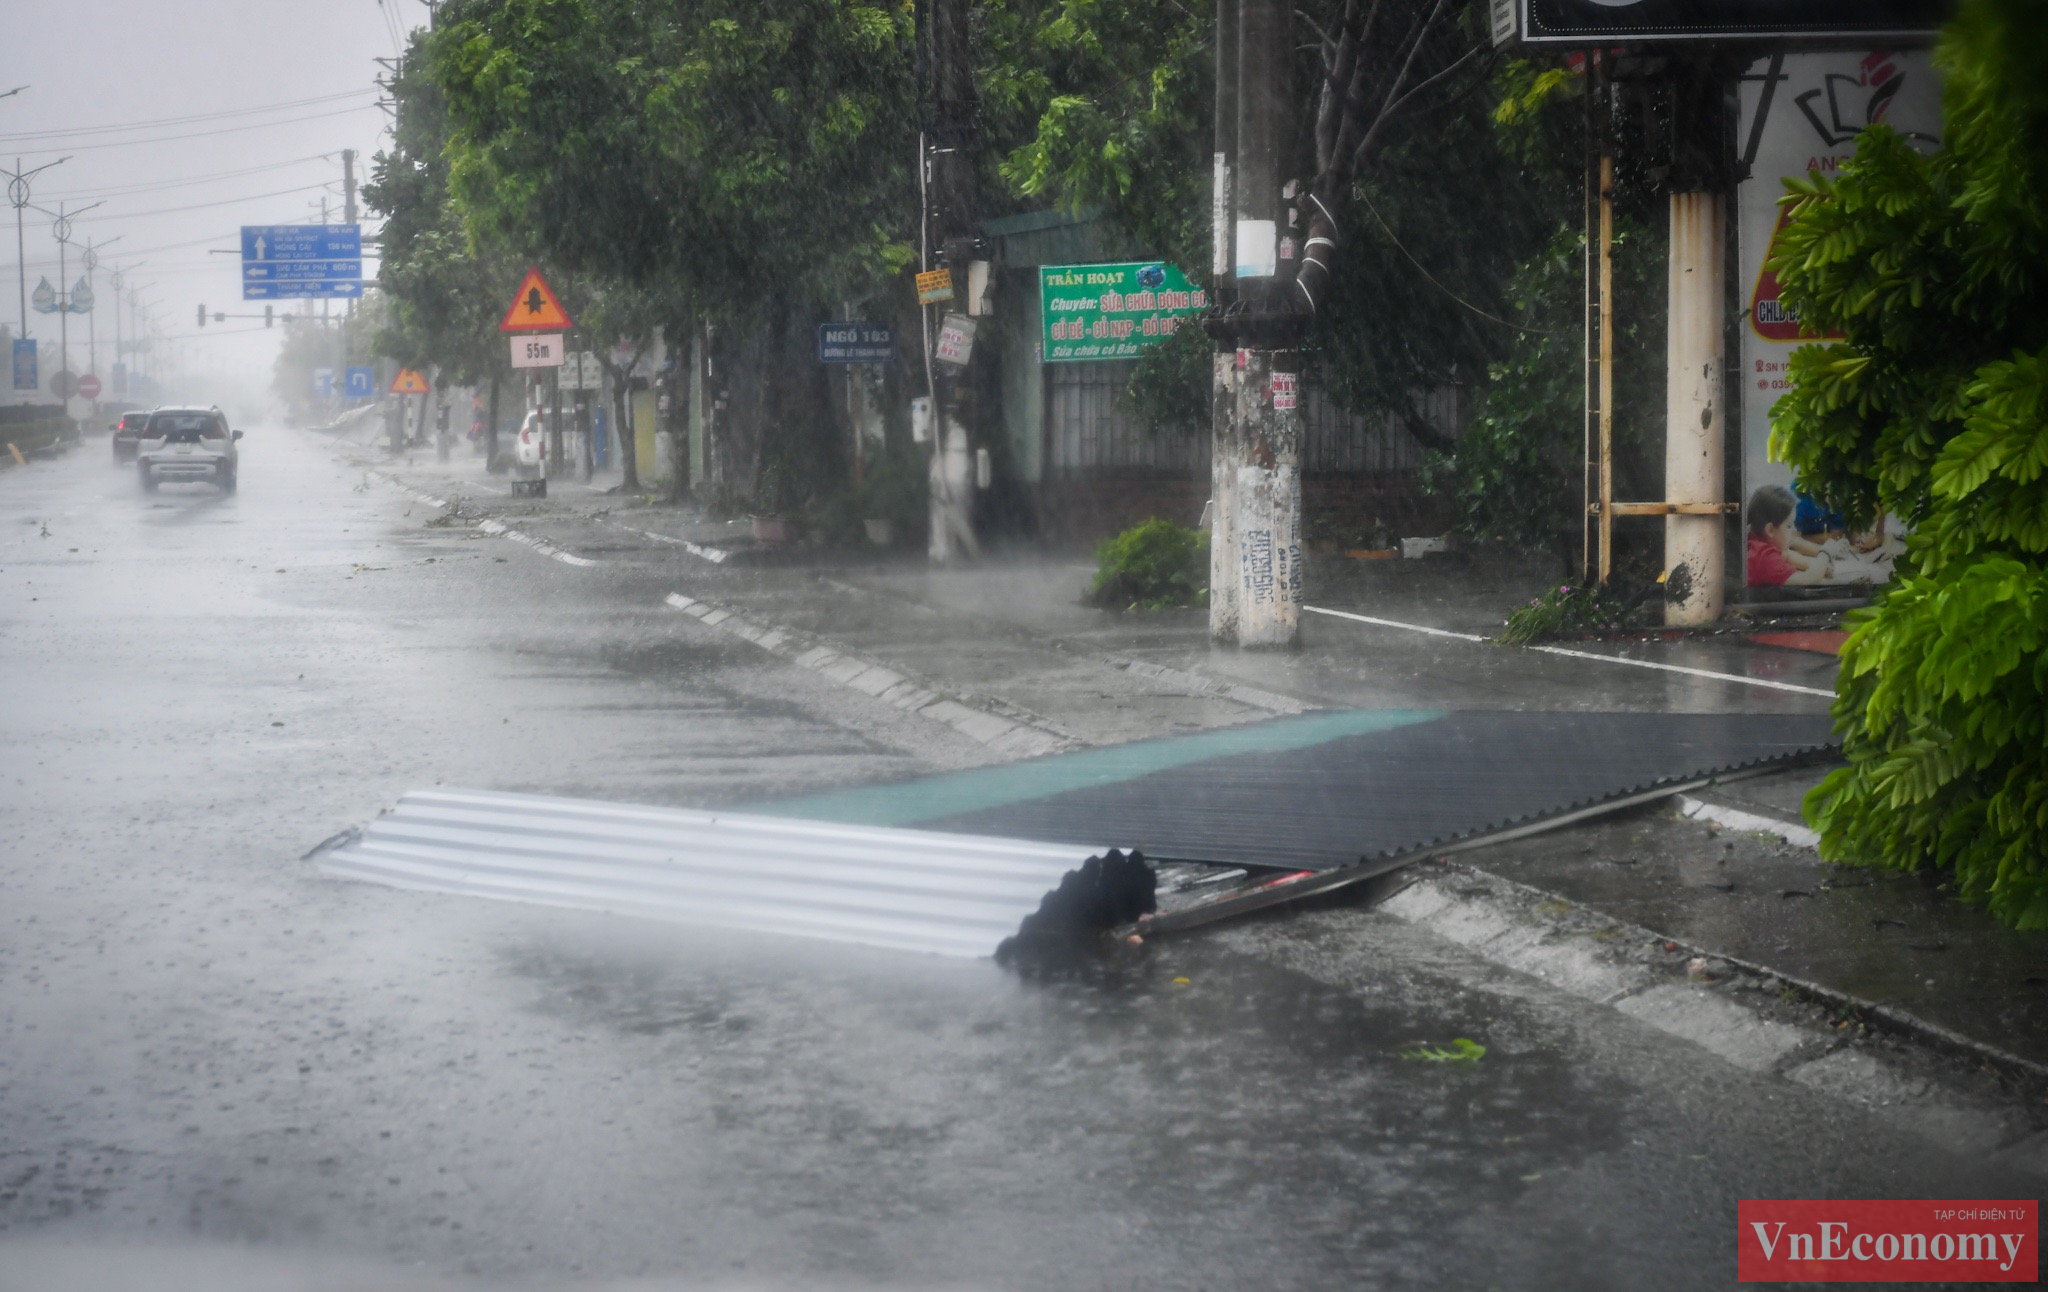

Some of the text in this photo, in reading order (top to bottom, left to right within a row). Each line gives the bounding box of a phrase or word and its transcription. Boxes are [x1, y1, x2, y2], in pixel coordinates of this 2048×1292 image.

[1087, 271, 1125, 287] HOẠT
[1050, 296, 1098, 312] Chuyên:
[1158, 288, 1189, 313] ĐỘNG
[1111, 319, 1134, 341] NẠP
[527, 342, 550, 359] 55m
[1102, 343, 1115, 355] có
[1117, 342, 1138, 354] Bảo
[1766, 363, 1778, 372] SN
━━━━━━
● **What you are asked to do**: Reprint the whole listing verbatim except for the pictures.

● **Response area**:
Some of the text in this photo, in reading order (top to bottom, left to right within a row). Each line gives the bounding box of a phrase or word and its transcription. Boxes are [x1, y1, x2, y2], in pixel coordinates of this 2048×1292 image.

[1087, 271, 1125, 287] HOẠT
[1050, 296, 1098, 312] Chuyên:
[1158, 288, 1189, 313] ĐỘNG
[1111, 319, 1134, 341] NẠP
[527, 342, 550, 359] 55m
[1102, 343, 1115, 355] có
[1117, 342, 1138, 354] Bảo
[1766, 363, 1778, 372] SN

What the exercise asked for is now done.